If a record contains a picture, skip the picture and transcribe the rest exactly.

▶ **RECORDED INFORMATION**:
——————
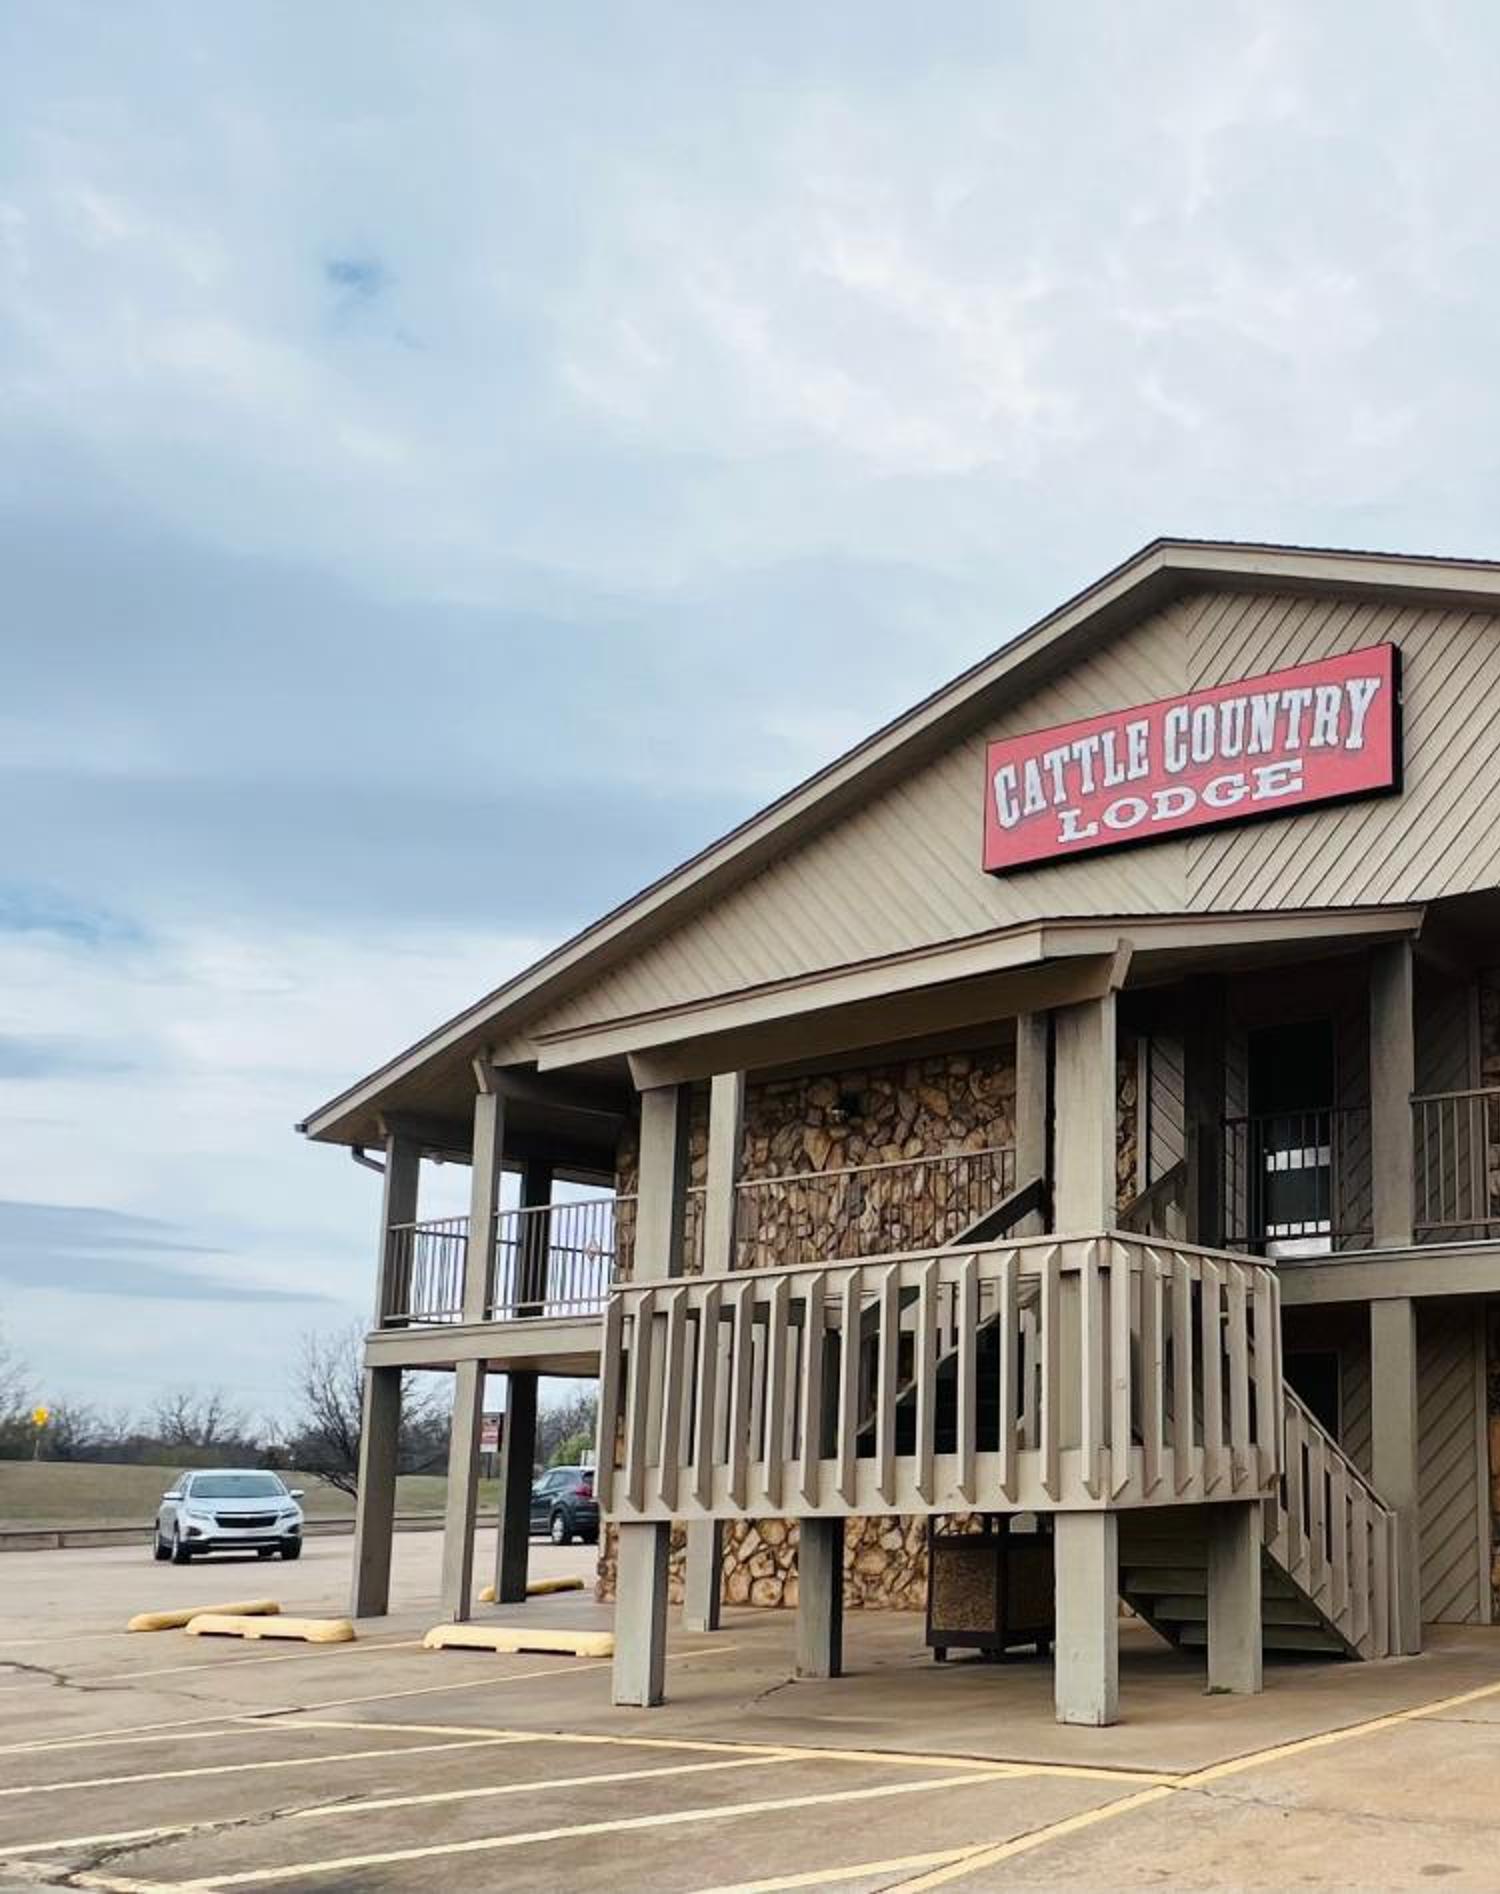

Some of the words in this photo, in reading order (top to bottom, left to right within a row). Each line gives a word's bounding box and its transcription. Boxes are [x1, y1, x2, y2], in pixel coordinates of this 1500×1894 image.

[993, 720, 1150, 829] CATTLE
[1163, 677, 1380, 774] COUNTRY
[1056, 758, 1304, 843] LODGE
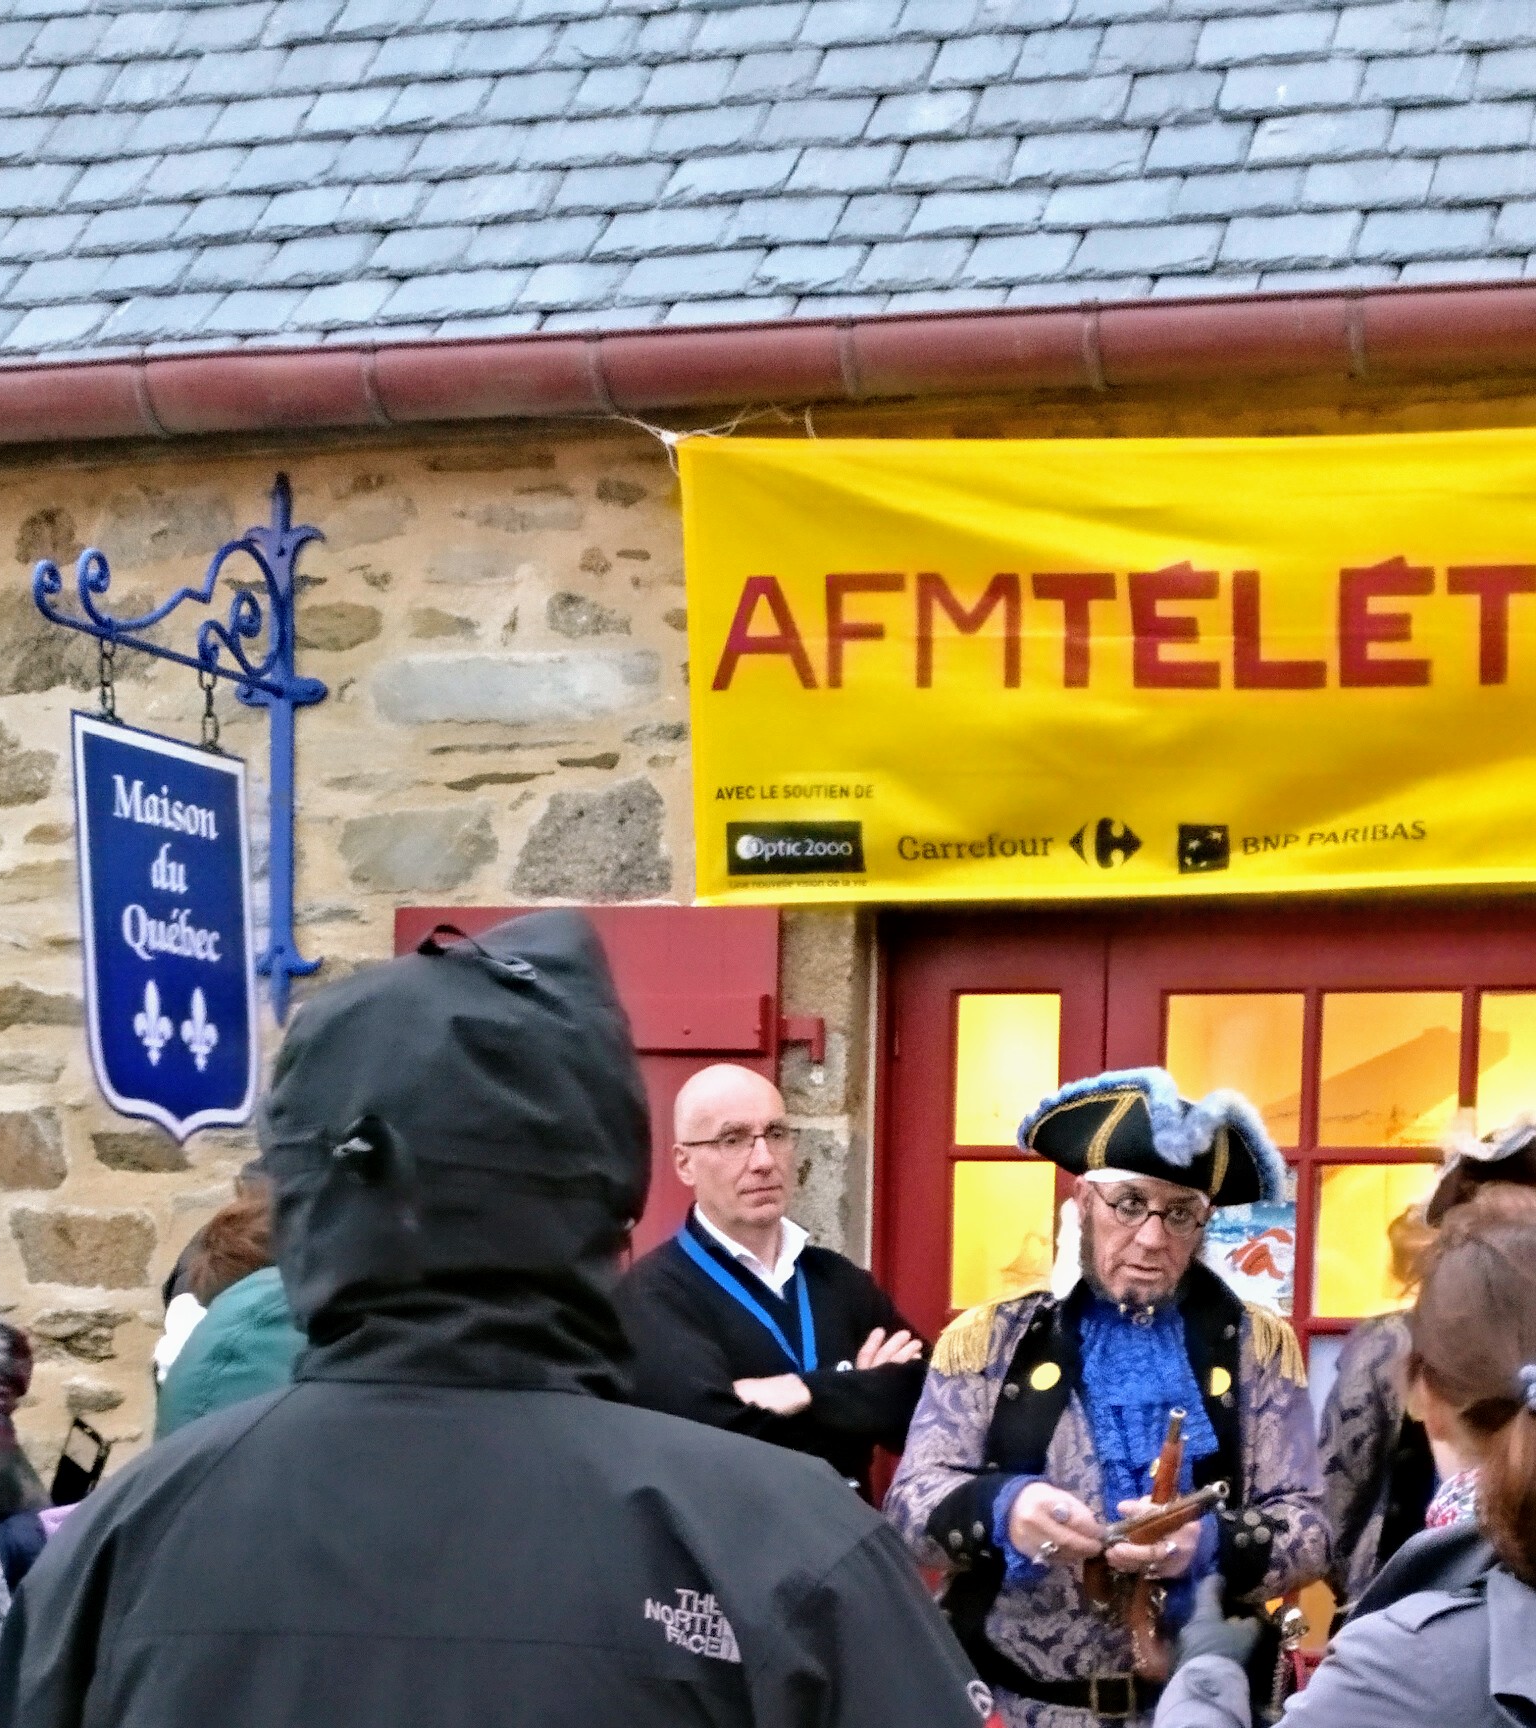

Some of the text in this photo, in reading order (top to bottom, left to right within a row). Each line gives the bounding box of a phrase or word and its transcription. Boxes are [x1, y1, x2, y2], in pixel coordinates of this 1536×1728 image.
——————
▶ **THE COMPLETED TASK**:
Some of the words in this photo, in reading order (top to bottom, left to right within a row). Each line gives a word's bounding box and its transcription. Boxes are [x1, y1, x2, y2], in pixel coordinates of this 1500×1894 image.

[993, 720, 1150, 829] CATTLE
[1163, 677, 1380, 774] COUNTRY
[1056, 758, 1304, 843] LODGE

Some of the text in this photo, in reading order (top to bottom, left to right within a row). Each line gives the bounding box of a phrase or word and its transcription. Boxes are [x1, y1, x2, y2], in pixel coordinates of this 1536×1728 image.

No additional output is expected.